Santa Anna al pisar el territorio anunciaba que no venía animado de ningún resentimiento, que olvidaba las ofensas de sus enemigos y empleó todo su poder en vengarse, no de enemigos personales sino de los que habían contrariado sus infamias de otras épocas; se vengaba también como todos los envidiosos, del mérito ajeno y hacía sufrir a cuantos, por su saber, virtud o patriotismo, valían más que él en la estimación pública. ¿Cómo explicar de otro modo el destierro del señor don Melchor Ocampo? ¿Cómo comprender el del señor don Luis de la Rosa, a quien estando moribundo declaraban bueno y sano los esbirros del tirano, para mantenerlo encerrado en un cuartel en compañía de su familia? ¿Cómo explicar de otra manera el destierro del señor don Benito Juárez, a quien confundían con los criminales, encargando a los oficiales que lo custodiaban que no omitieran esfuerzos en maltratarlo?
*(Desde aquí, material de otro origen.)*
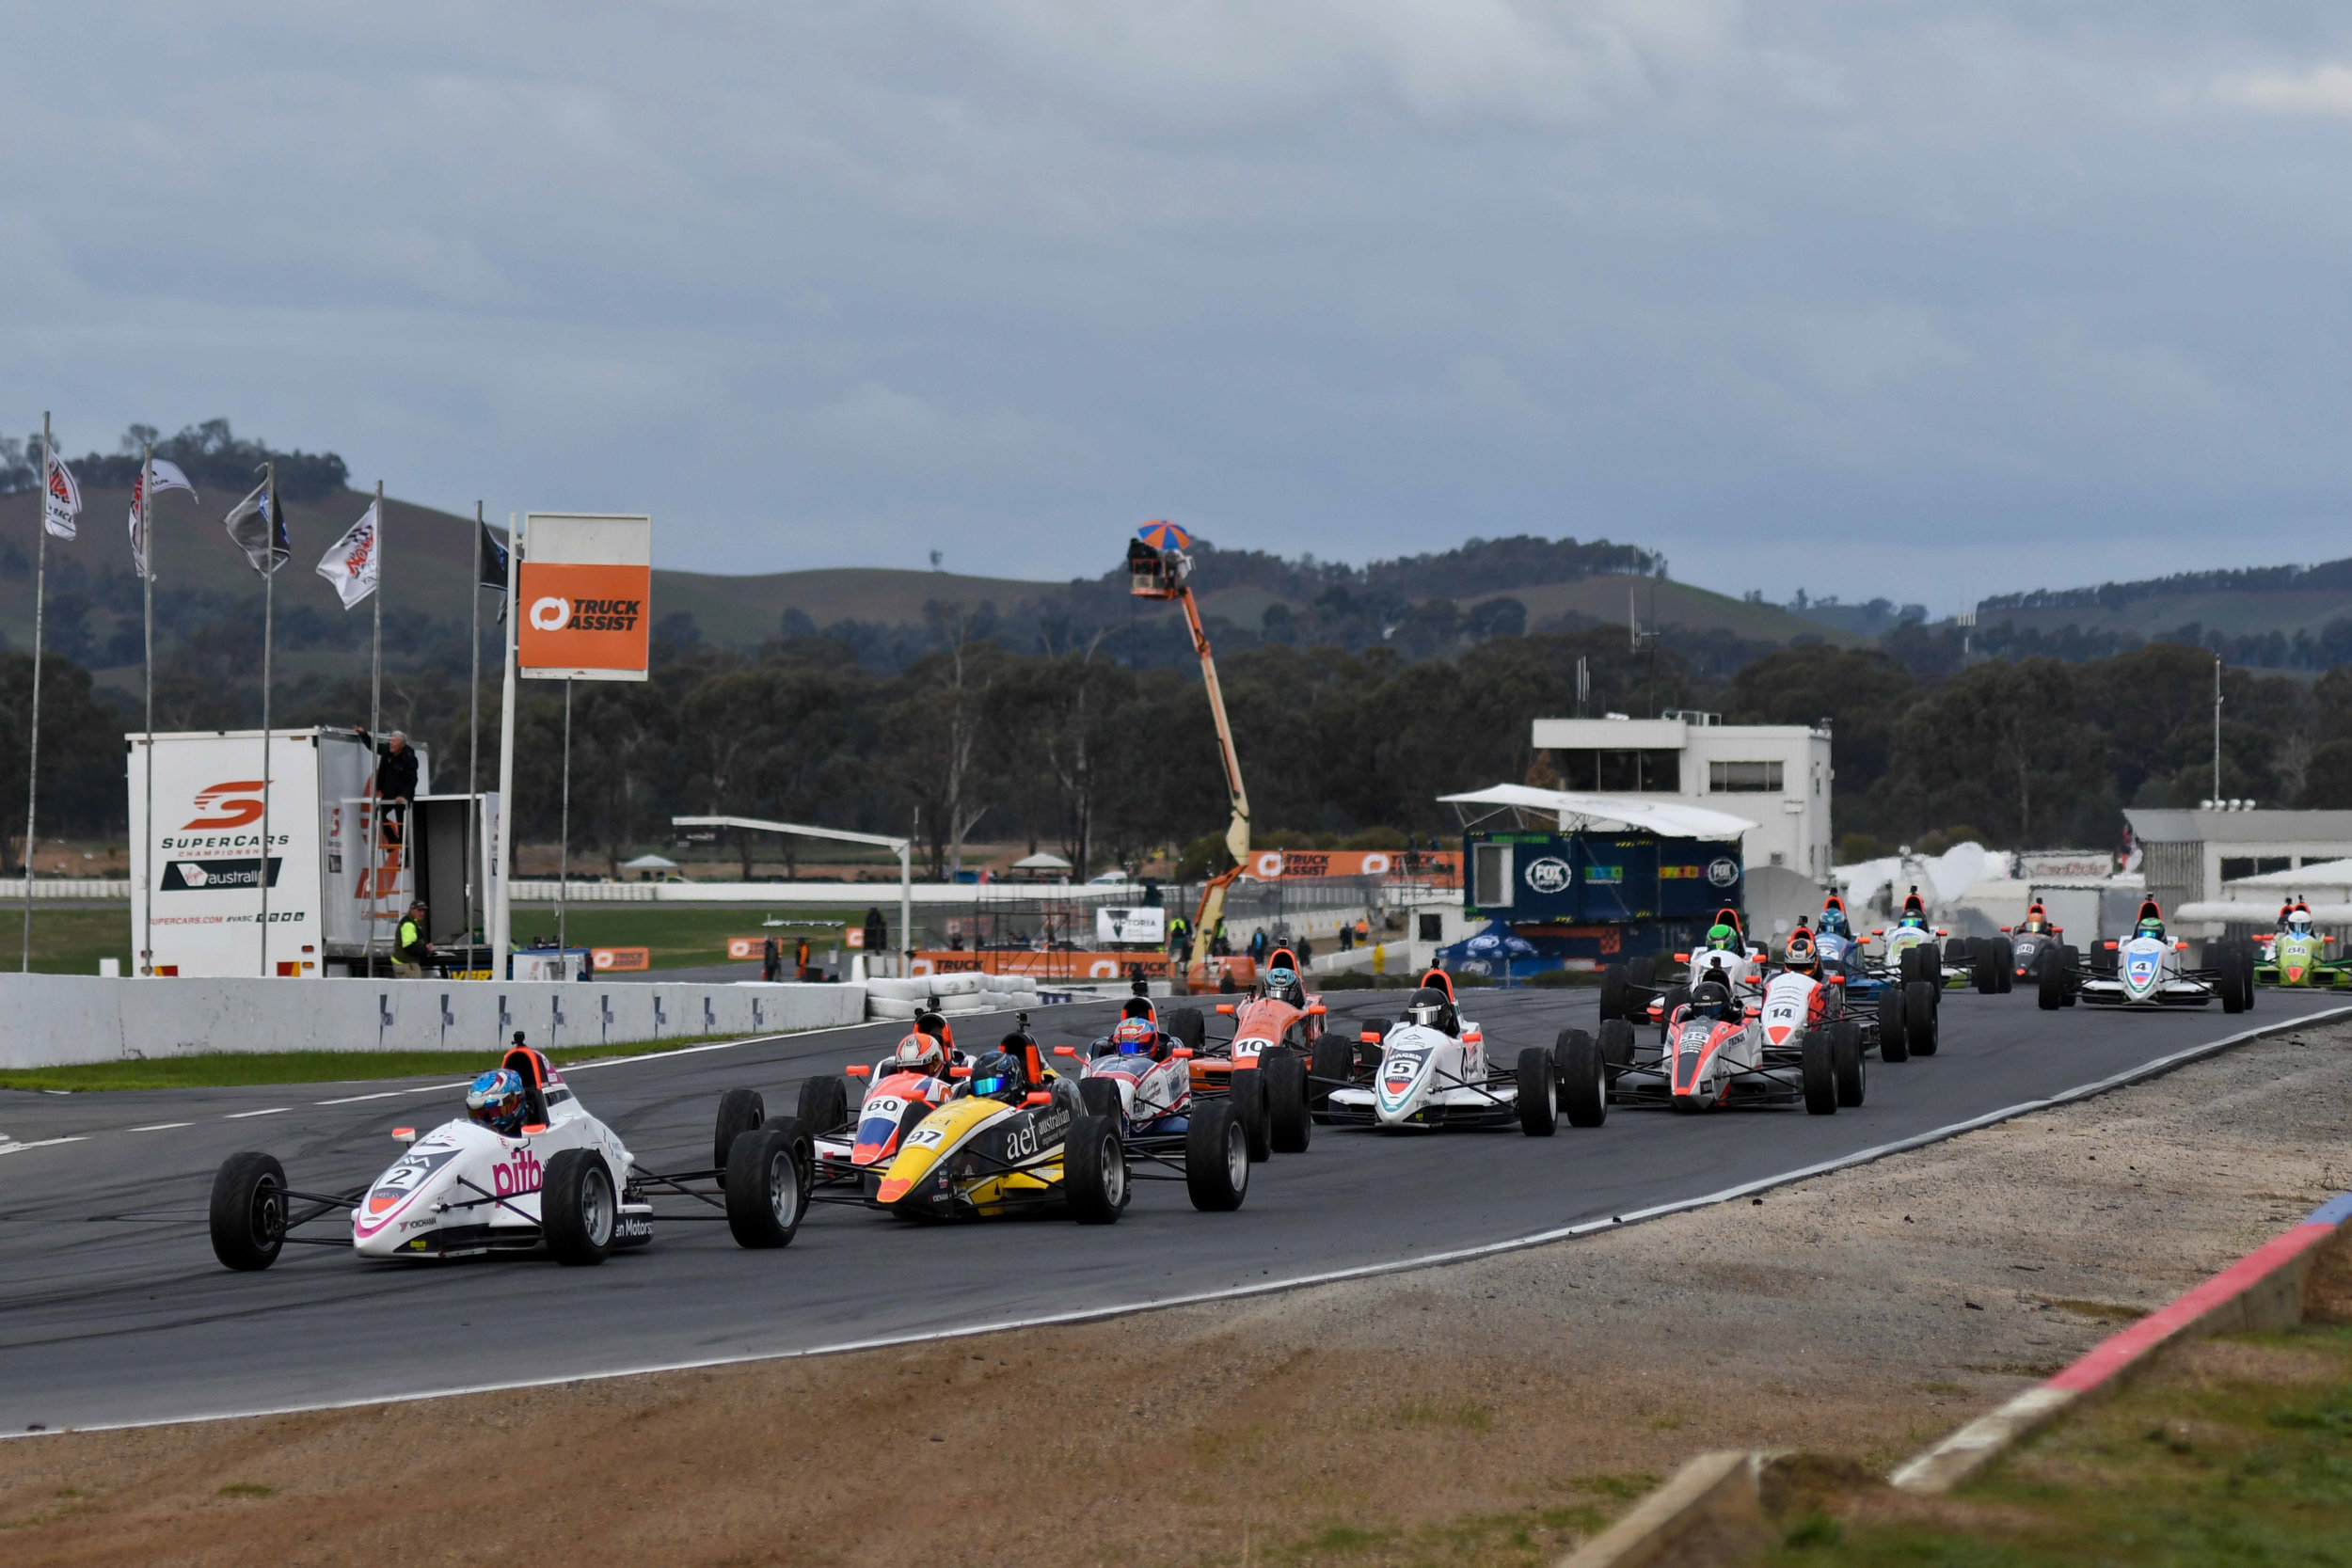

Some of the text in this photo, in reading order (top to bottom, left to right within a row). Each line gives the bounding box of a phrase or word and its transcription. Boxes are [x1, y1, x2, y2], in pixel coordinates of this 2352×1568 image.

[573, 599, 642, 615] TRUCK
[566, 615, 638, 631] ASSIST
[161, 834, 290, 849] SUPERCARS
[1285, 854, 1329, 864] TRUCK
[208, 868, 264, 884] australi
[1282, 865, 1327, 876] ASSIST
[1535, 864, 1563, 881] FOX
[935, 960, 984, 972] TRUCK
[2135, 962, 2146, 971] 4
[1771, 1007, 1793, 1019] 14
[1237, 1040, 1267, 1053] 10
[1391, 1062, 1411, 1074] 5
[866, 1100, 899, 1112] 60
[1038, 1107, 1071, 1135] australian
[906, 1131, 942, 1145] 97
[1007, 1113, 1040, 1161] aef
[386, 1168, 412, 1185] 2
[409, 1216, 437, 1229] YOKOHAMA
Los pobres e inocentes habitantes de Jico, que habían detenido en su fuga de 1844 al dictador, fueron arrancados de sus hogares y llevados a las playas de Tabasco para gemir bajo la férula de Escobar. Los que años antes habían escrito la historia de la guerra entre México y Estados Unidos, eran privados hasta del derecho de ciudadanos, porque no habían ensalzado las proezas del héroe. Los conservadores no solo se prestaban a ser instrumentos de estos rencores, sino que también satisfacían los suyos. Se registraban minuciosamente los hechos ocurridos en este país, y cuantos habían contrariado la dictadura o la opresión, estaban seguros de ser aprehendidos, vejados e insultados.
Contra el general Arista se usaba la calumnia y la suplantación para hacerle aparecer como enemigo de la independencia nacional y partidario de la anexación. Imprudentemente se sostenía que existía un partido anexionista, para con este pretexto hacer más extensa la persecución.
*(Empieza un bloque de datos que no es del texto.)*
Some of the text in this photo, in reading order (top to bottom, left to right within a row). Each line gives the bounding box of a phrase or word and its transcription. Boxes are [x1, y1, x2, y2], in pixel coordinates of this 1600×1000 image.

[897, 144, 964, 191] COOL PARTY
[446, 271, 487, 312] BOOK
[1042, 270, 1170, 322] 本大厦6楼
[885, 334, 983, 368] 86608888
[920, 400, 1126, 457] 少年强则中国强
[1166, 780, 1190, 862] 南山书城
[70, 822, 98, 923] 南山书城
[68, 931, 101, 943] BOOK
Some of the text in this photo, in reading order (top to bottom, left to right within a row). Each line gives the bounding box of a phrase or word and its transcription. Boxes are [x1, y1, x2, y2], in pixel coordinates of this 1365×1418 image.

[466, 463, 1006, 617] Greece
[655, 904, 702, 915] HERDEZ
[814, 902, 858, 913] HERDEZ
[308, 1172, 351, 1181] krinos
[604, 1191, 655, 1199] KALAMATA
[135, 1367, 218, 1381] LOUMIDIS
Ni los muertos estaban seguros de la saña de los conservadores. Aún no se enfriaba el cadáver del general Herrera, y recordando que fue el caudillo del 6 de diciembre de 1844, se arrojaba lodo y hiel sobre su tumba. Se infamaba también la memoria de Peña y Peña y se quería eclipsar la memoria de los héroes de Chrubusco.
La venganza degeneró en una tiranía, salvaje y sombría, las glorias de la nación debían acumularse en Santa Anna, que se irritaba si algún ciudadano merecía elogios; la virtud y el patriotismo eran delitos que suscitaban el encono de los gobernantes irritados de no respirar más incienso, que el sólo que ellos se ofrecían.
La obra de Santa Anna y de los conservadores, al tomar por asalto el mando pareció reducirse, a vengarse de un pueblo que los detestaba por su incapacidad y por sus crímenes. En los primeros meses de instalado el gobierno conservador, se vio que sobre todos los que no profesaban esos privilegios, amenazaba una proscripción general, cuando en el sur llegó a estallar la revolución, el miedo aumentó la desconfianza del tirano, y entonces desapareció toda seguridad, y el poder más fuerte en el país fue el del esbirro. El miedo de los tiranos, siempre cuesta mucho a los pueblos.
No hubo tropelía que no se cometiera, no hubo atentado que no se perpetrara, el pueblo vivió sufriendo a una horda de forajidos, que hacían recordar todas las épocas de opresión que han pasado sobre el género humano. El reinado conservador, sin más instinto que el rencor, sin más política que luchar contra la opinión, intentó convertir al país en una mazmorra y, armado de su ley de conspiradores, que era el asesinato elevado a rango de institución, hubiera diezmado a los mexicanos, si la opinión no hubiera arrollado a los opresores.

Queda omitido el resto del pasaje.